The International Joseph A. Schumpeter Society (ISS) is an economics association aimed at furthering research in the spirit of Joseph Schumpeter. Wolfgang F. Stolper and Horst Hanusch initiated the foundation of the society in 1986.

The primary objective of the International Joseph Alois Schumpeter Society is the advancement of knowledge in the broad research area of the dynamics of structural change, its origins, and its effects.

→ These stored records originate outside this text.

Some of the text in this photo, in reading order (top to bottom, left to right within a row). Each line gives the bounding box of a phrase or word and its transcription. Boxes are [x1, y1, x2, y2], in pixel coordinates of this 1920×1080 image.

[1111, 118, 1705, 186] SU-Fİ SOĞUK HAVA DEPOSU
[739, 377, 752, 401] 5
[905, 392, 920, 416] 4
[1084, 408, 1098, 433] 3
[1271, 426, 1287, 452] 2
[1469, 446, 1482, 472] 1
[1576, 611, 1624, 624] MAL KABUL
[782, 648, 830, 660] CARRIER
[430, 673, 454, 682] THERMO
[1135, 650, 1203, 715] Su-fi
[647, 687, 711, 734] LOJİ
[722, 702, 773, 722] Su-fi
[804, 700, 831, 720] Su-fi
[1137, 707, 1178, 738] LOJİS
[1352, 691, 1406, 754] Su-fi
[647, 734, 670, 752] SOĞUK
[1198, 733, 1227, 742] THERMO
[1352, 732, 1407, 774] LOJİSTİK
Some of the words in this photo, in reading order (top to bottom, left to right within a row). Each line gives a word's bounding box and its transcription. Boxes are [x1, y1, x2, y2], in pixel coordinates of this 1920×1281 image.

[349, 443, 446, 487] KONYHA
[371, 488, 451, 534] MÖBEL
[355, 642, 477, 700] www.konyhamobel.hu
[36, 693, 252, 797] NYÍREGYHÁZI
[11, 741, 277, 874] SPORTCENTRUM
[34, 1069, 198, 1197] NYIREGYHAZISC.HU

These topics include studies addressing the role of the dynamic entrepreneur, the political and social problems of entrepreneurship, entrepreneurial history as well as research question concerning income distribution, technical change, and employment. The society welcomes scientifically sound and non-ideological research by scholars of all scholarly traditions. Following Joseph Schumpeter, research should respect "facts as they are and behave and not as one wishes them to be or behave."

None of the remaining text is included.